INSTRUCTIONS FOR THE TASK ▸
Before copying, find the line below that contains "Some of the words"; then return it and all later lines exactly, up to and including the final line, with no pictures.

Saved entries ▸
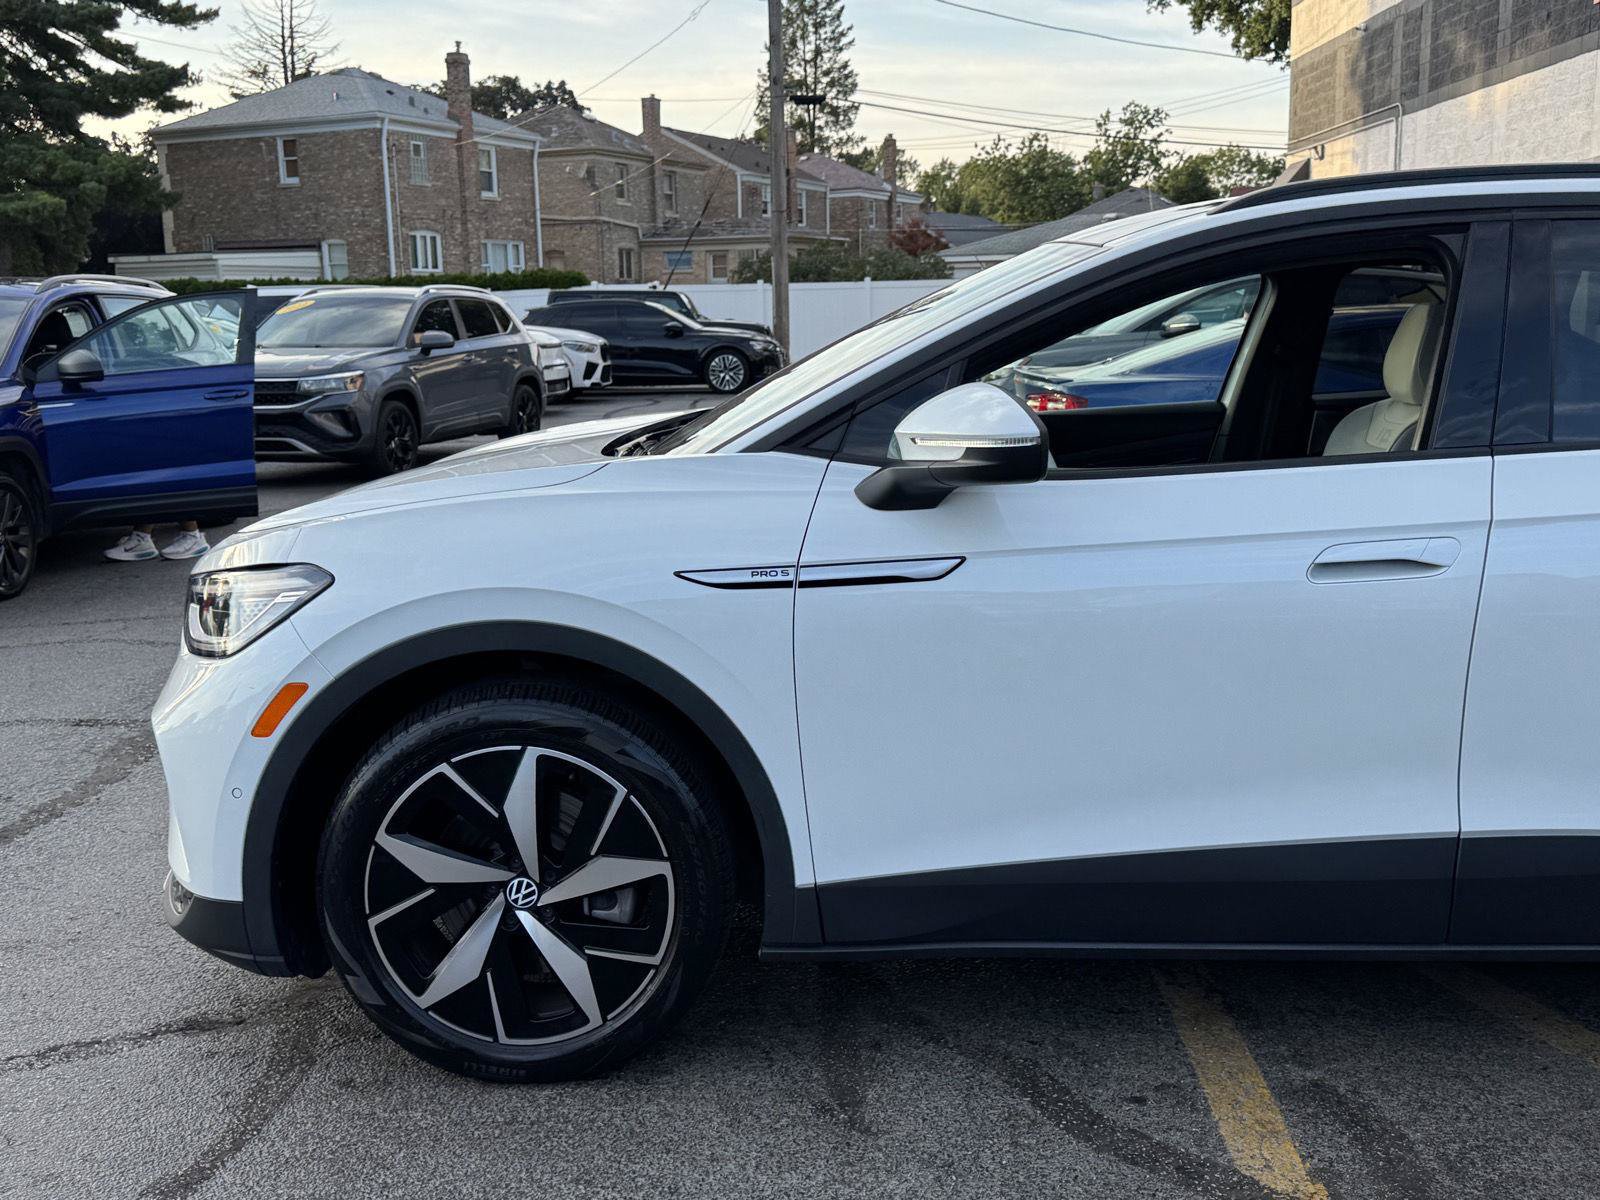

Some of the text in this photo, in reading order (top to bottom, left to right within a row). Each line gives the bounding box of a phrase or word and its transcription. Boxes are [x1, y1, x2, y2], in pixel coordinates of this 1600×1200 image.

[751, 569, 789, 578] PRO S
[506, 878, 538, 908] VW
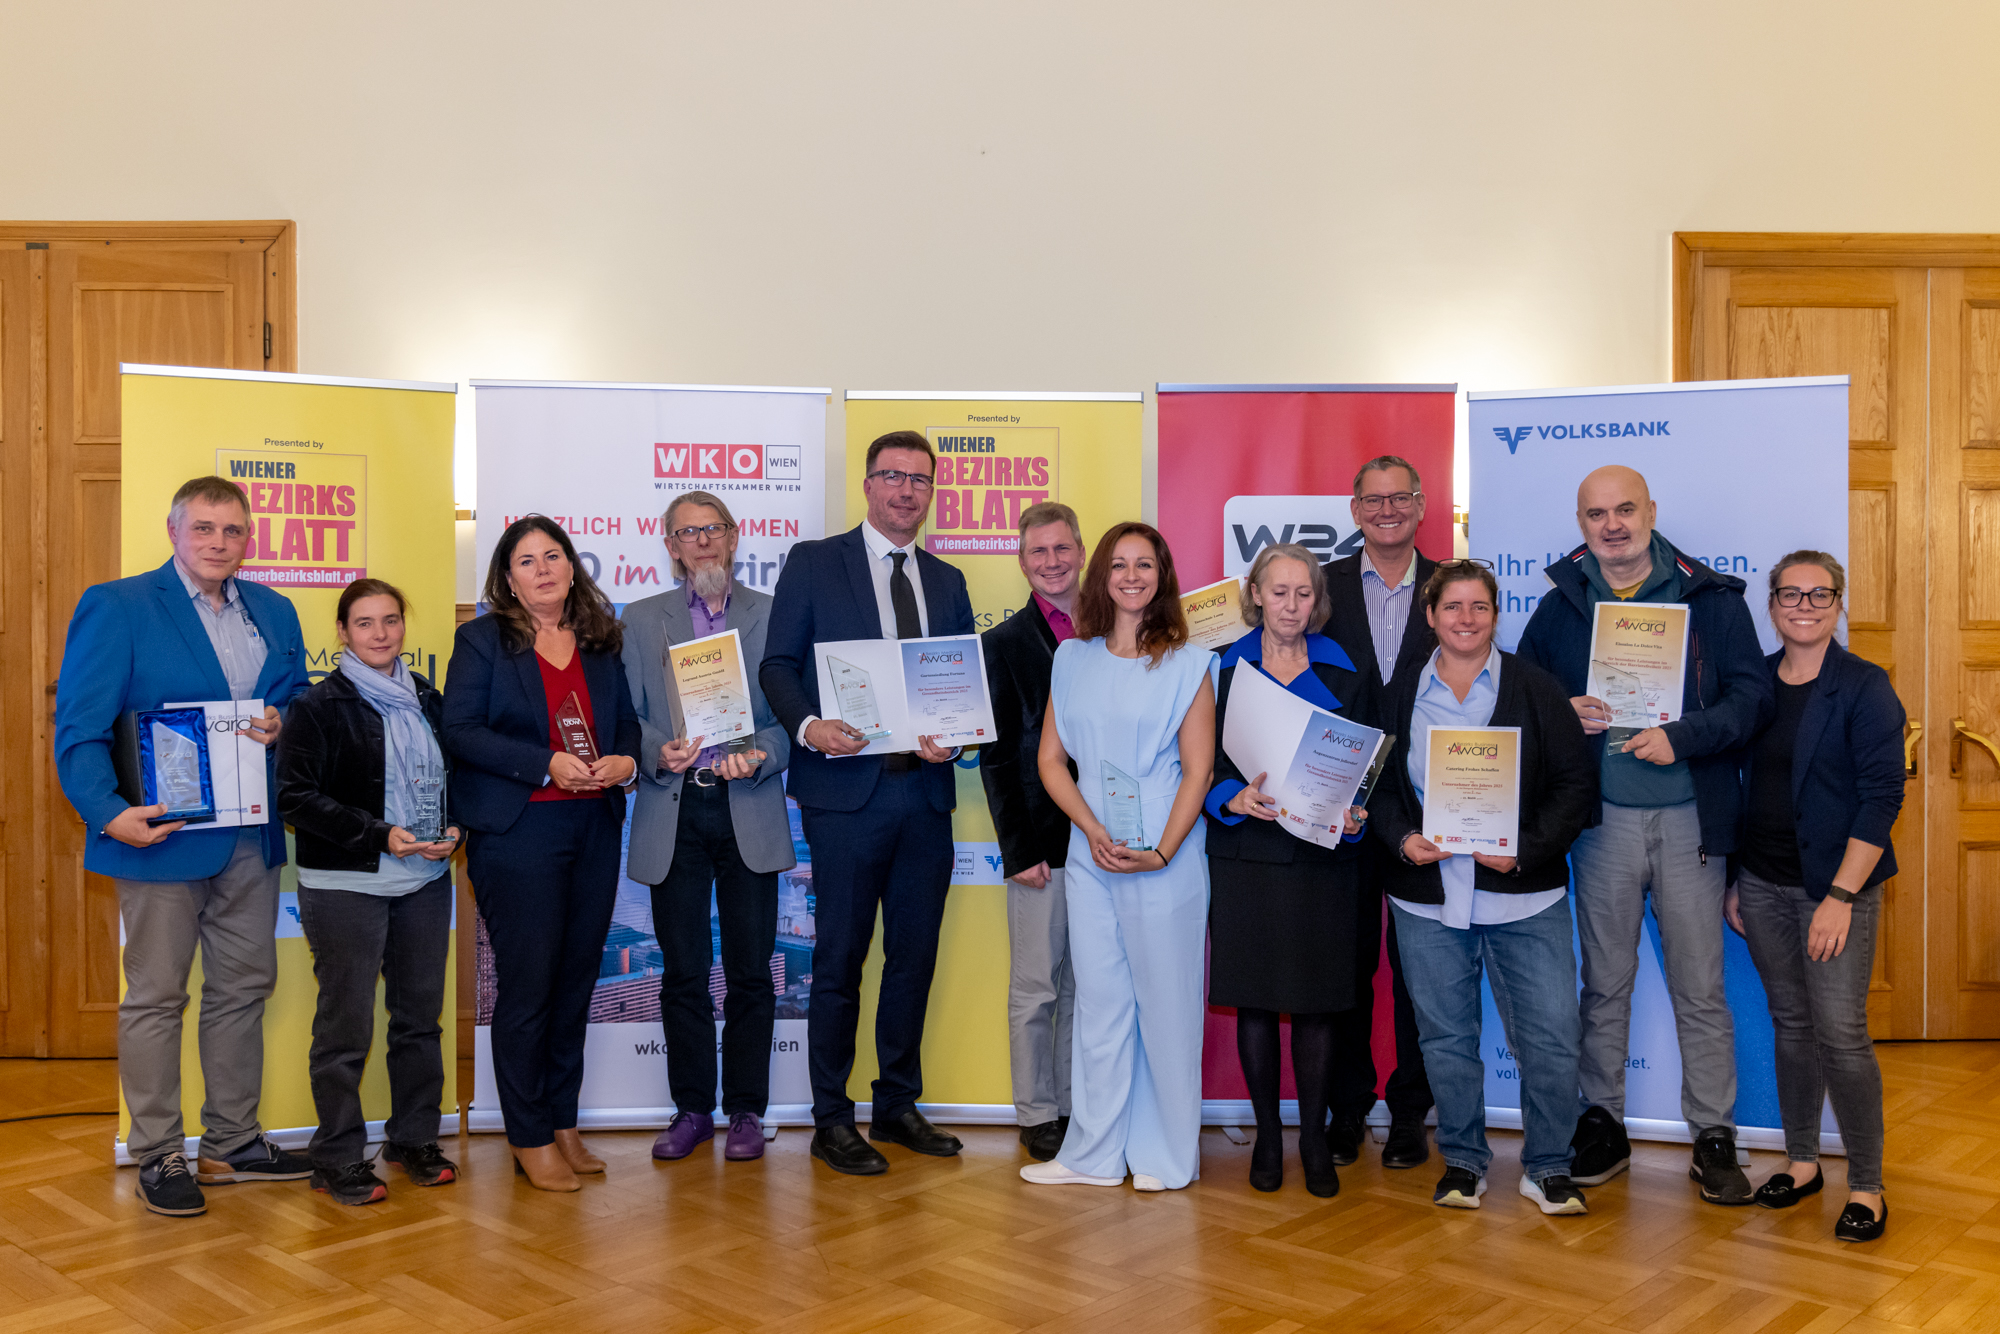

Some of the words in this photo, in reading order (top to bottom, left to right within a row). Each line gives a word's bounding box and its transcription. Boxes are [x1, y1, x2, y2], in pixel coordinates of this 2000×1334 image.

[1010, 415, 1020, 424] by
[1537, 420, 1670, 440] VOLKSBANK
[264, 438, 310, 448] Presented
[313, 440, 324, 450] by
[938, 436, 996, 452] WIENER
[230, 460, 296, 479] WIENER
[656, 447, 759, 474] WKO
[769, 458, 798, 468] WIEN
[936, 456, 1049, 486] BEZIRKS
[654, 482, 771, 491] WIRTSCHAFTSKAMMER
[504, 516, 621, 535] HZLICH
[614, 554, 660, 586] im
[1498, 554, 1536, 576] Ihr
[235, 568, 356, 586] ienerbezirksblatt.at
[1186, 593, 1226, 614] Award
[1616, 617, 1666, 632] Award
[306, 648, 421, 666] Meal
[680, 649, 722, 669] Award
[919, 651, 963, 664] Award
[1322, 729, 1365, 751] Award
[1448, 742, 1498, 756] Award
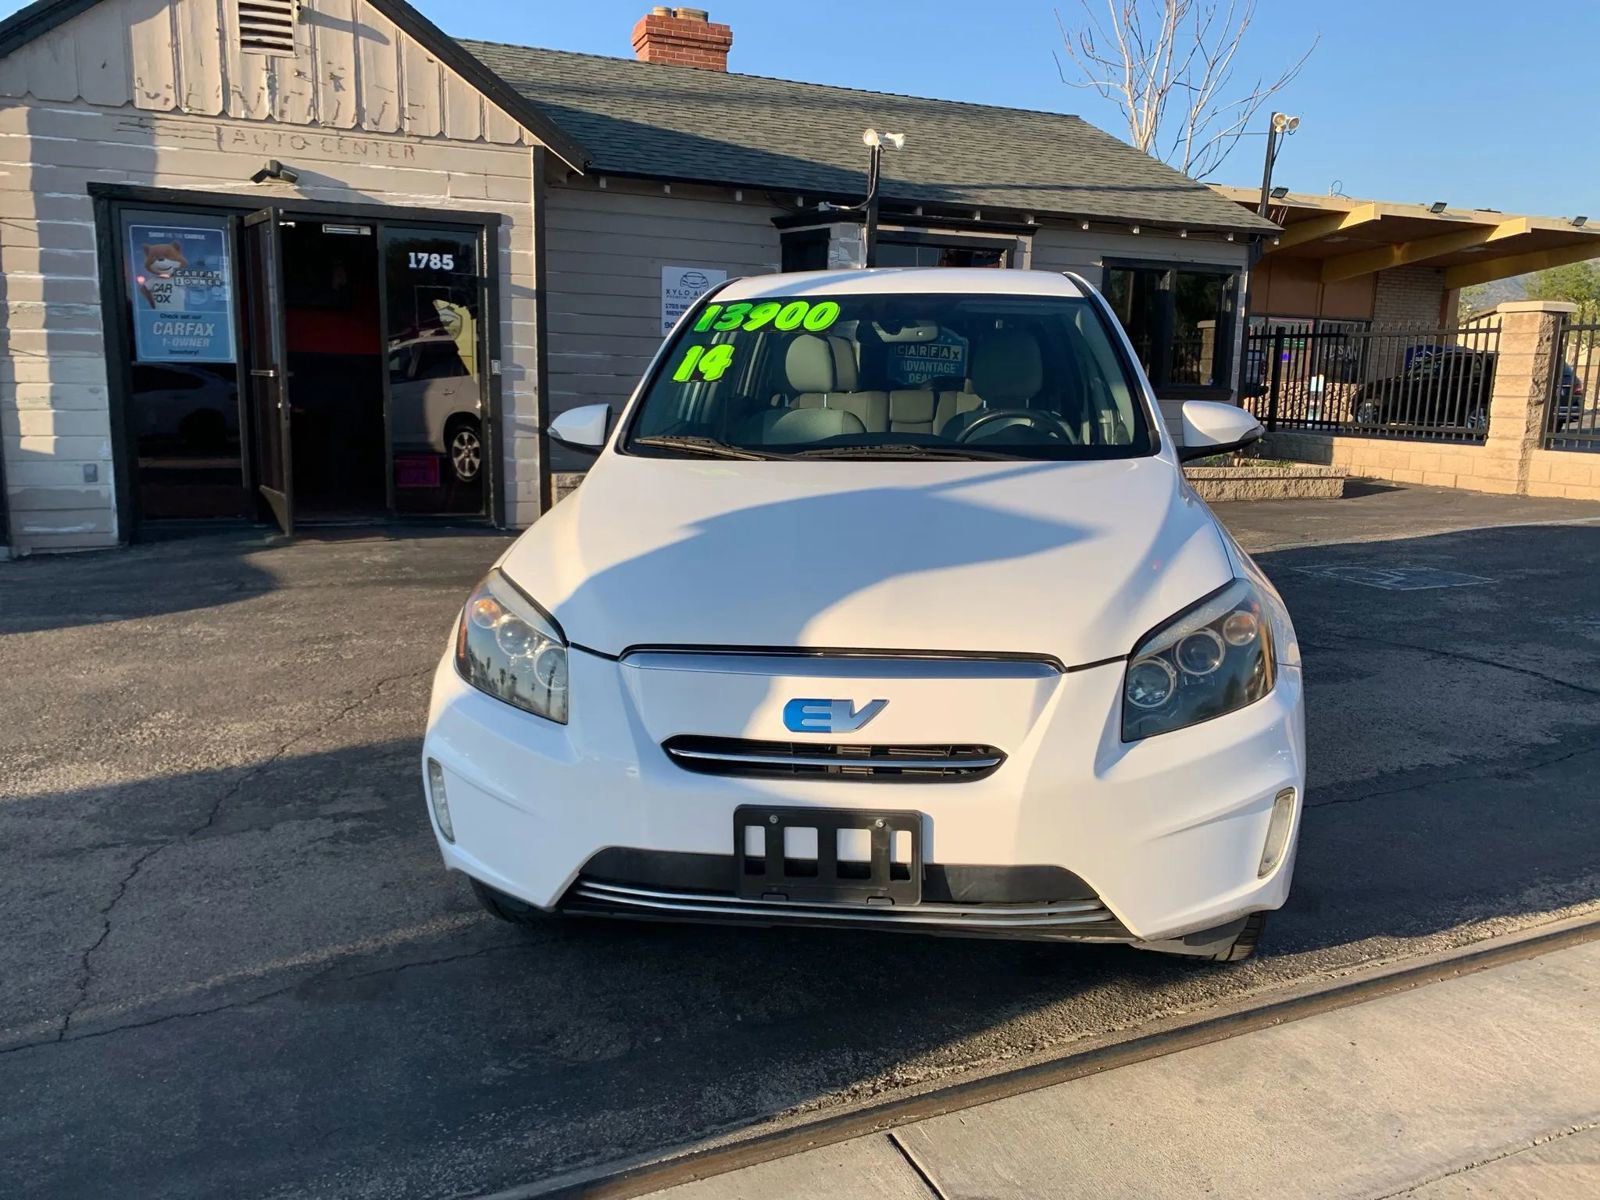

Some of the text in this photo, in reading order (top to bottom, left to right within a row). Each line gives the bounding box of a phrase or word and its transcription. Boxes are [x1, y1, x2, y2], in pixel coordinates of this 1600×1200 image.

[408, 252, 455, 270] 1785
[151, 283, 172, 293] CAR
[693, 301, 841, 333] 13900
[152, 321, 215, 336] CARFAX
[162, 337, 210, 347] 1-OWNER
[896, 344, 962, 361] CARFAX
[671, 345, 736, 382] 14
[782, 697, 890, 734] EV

WRITTEN RESPONSE ▸
Some of the words in this photo, in reading order (top to bottom, left to right within a row). Each line gives a word's bounding box and its transcription. Boxes are [x1, y1, x2, y2], in pixel coordinates of this 2000×1334 image.

[1010, 415, 1020, 424] by
[1537, 420, 1670, 440] VOLKSBANK
[264, 438, 310, 448] Presented
[313, 440, 324, 450] by
[938, 436, 996, 452] WIENER
[230, 460, 296, 479] WIENER
[656, 447, 759, 474] WKO
[769, 458, 798, 468] WIEN
[936, 456, 1049, 486] BEZIRKS
[654, 482, 771, 491] WIRTSCHAFTSKAMMER
[504, 516, 621, 535] HZLICH
[614, 554, 660, 586] im
[1498, 554, 1536, 576] Ihr
[235, 568, 356, 586] ienerbezirksblatt.at
[1186, 593, 1226, 614] Award
[1616, 617, 1666, 632] Award
[306, 648, 421, 666] Meal
[680, 649, 722, 669] Award
[919, 651, 963, 664] Award
[1322, 729, 1365, 751] Award
[1448, 742, 1498, 756] Award

Some of the text in this photo, in reading order (top to bottom, left to right within a row). Each line gives the bounding box of a phrase or word and its transcription. Boxes are [x1, y1, x2, y2], in pixel coordinates of this 1600×1200 image.

[408, 252, 455, 270] 1785
[151, 283, 172, 293] CAR
[693, 301, 841, 333] 13900
[152, 321, 215, 336] CARFAX
[162, 337, 210, 347] 1-OWNER
[896, 344, 962, 361] CARFAX
[671, 345, 736, 382] 14
[782, 697, 890, 734] EV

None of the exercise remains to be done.